### Task brief
Which lines run from the one containing "this 1920×1080 image." to the end of the material below? Retype exactly those, both ends included, and nothing else.

--- START ---

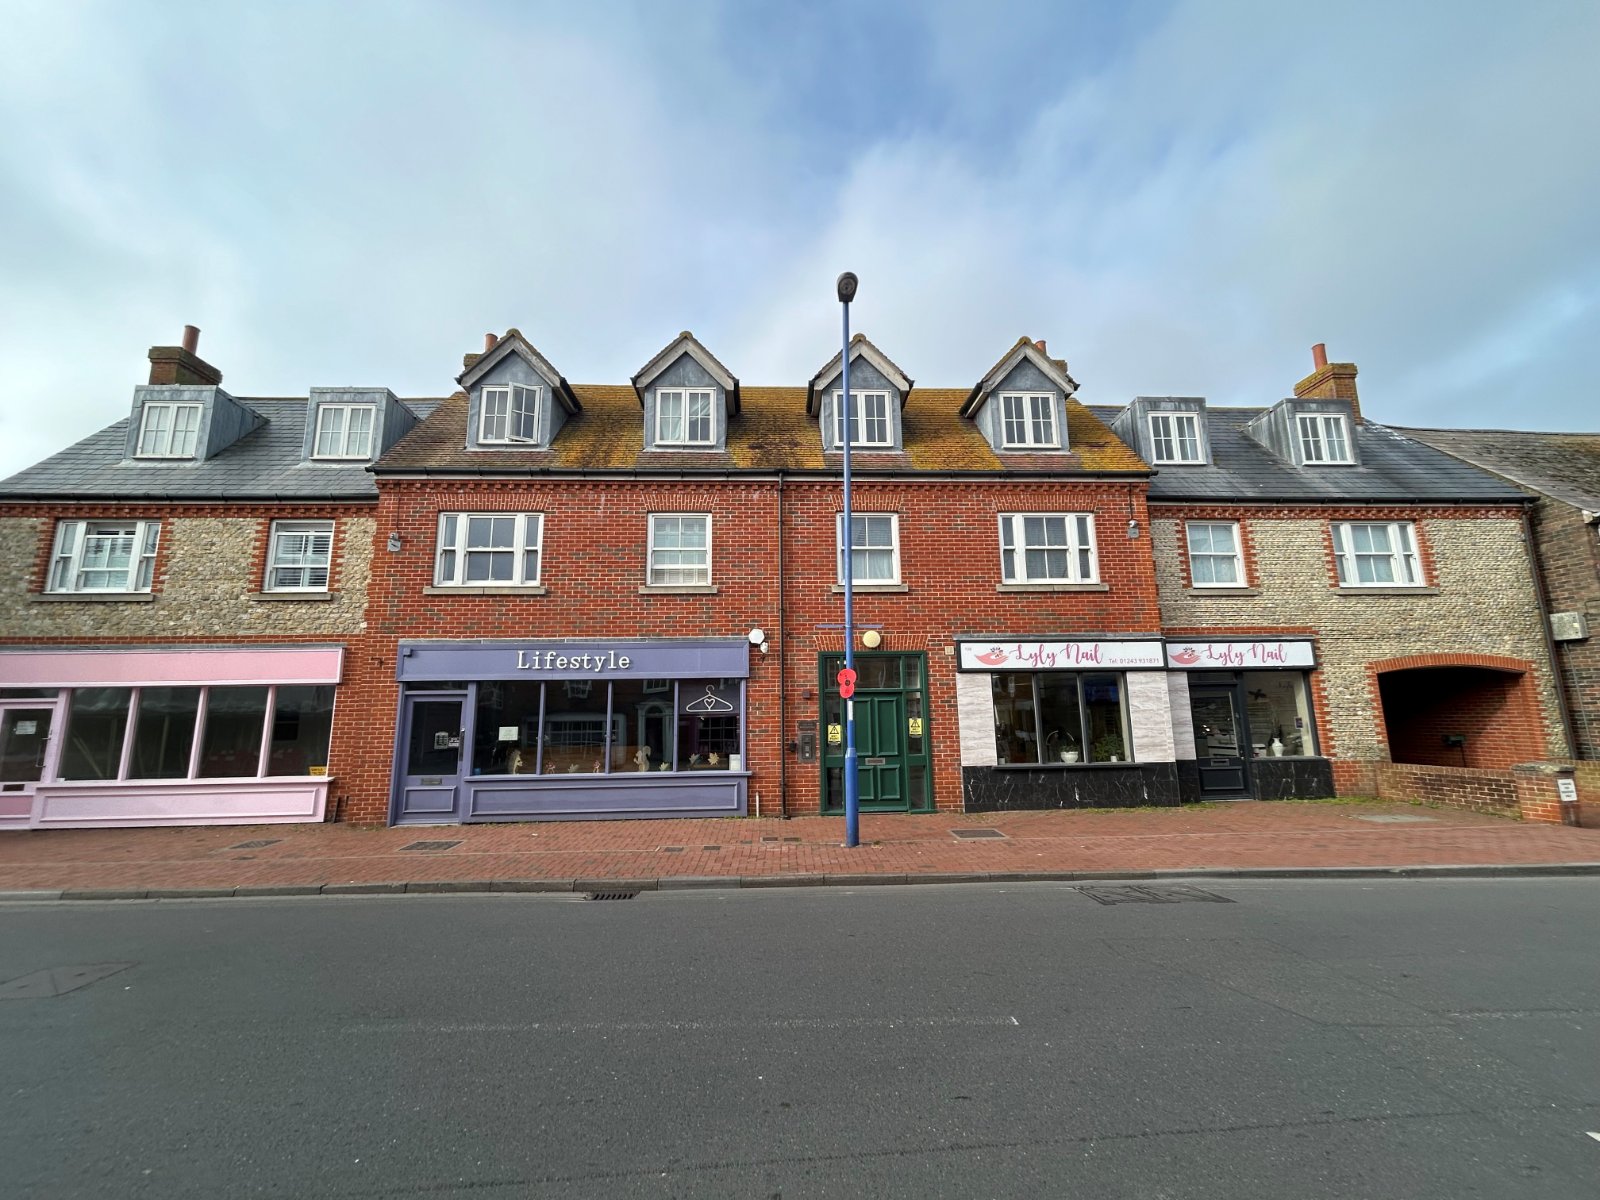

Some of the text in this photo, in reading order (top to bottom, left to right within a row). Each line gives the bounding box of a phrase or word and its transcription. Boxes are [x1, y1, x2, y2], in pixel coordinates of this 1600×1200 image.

[516, 650, 631, 673] Lifestyle
[1009, 643, 1103, 667] Lyly Nail
[1200, 643, 1288, 666] Lyly Nail
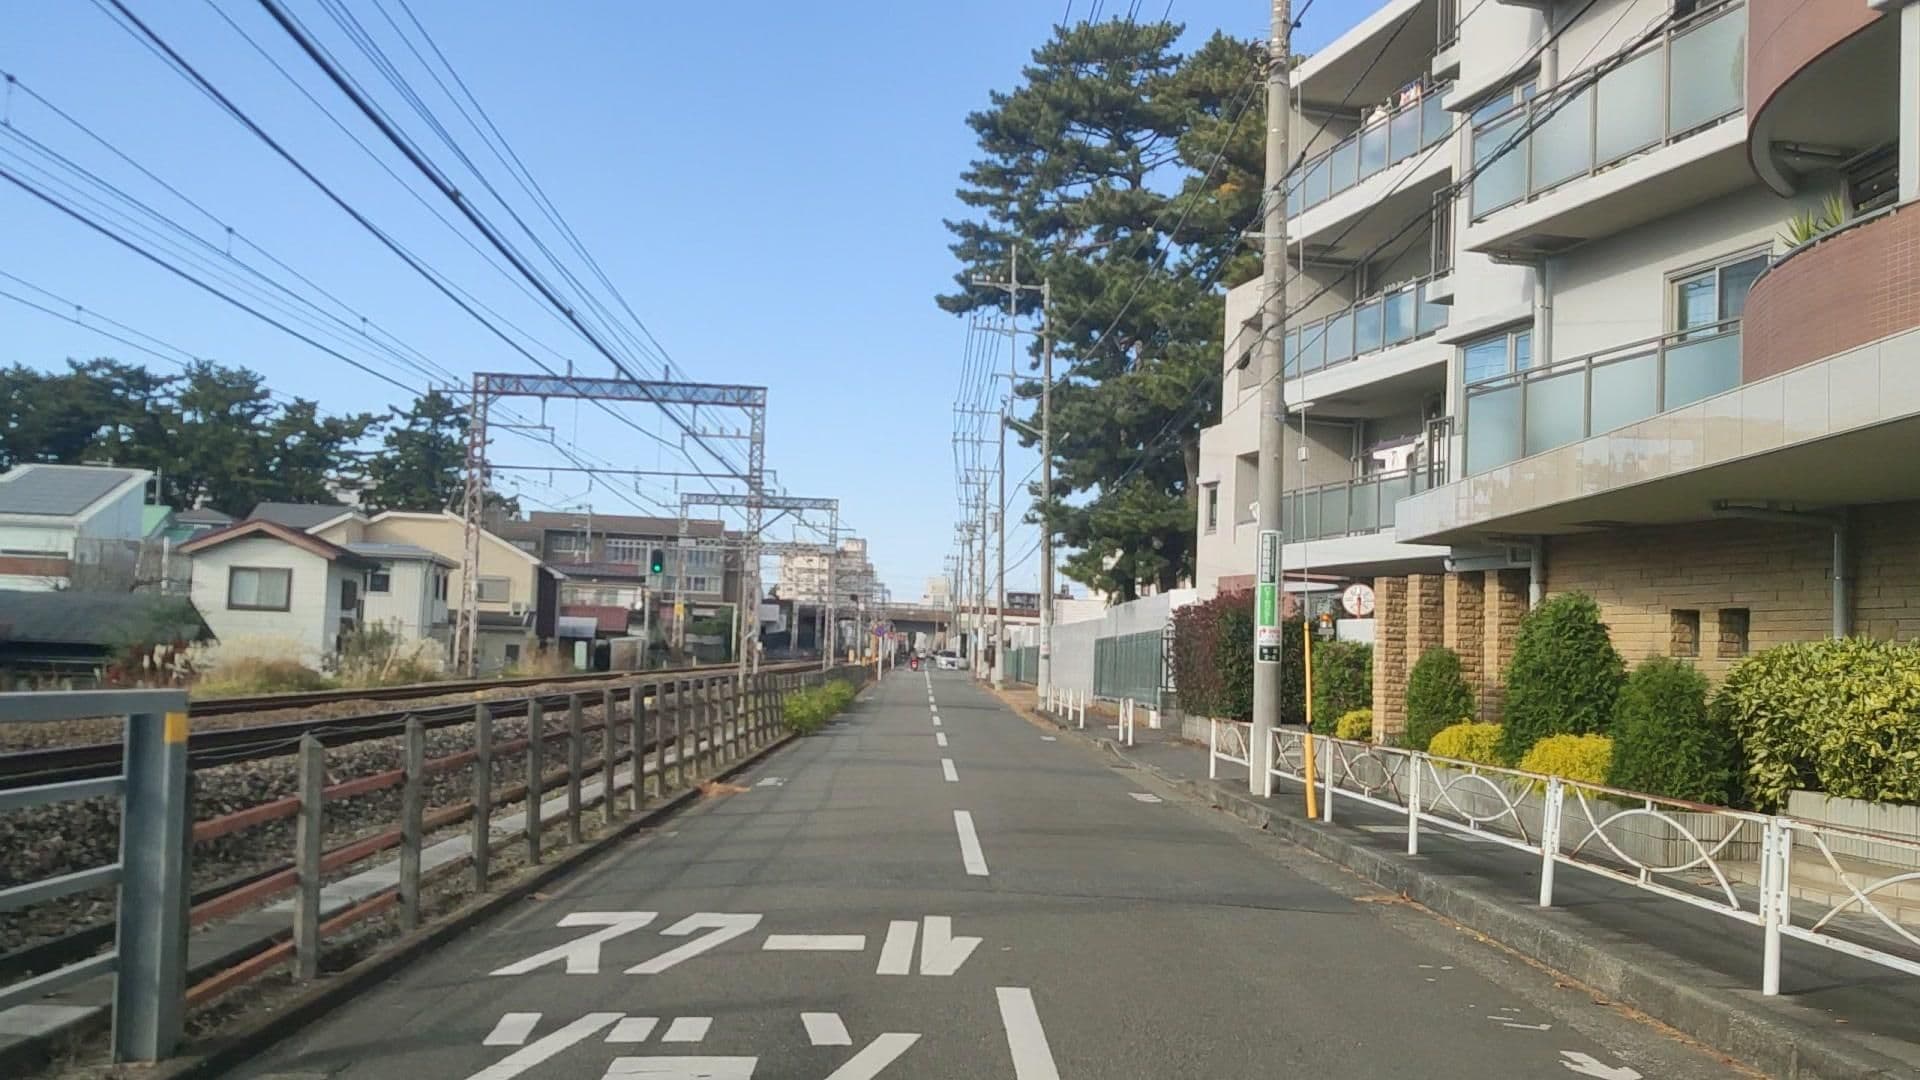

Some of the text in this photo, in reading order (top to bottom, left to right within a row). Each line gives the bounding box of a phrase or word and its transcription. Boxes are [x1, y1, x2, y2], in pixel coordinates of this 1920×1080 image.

[489, 911, 983, 976] スクール
[465, 1012, 922, 1080] ゾーン

--- END ---

### Final answer
Some of the text in this photo, in reading order (top to bottom, left to right within a row). Each line gives the bounding box of a phrase or word and its transcription. Boxes are [x1, y1, x2, y2], in pixel coordinates of this 1920×1080 image.

[489, 911, 983, 976] スクール
[465, 1012, 922, 1080] ゾーン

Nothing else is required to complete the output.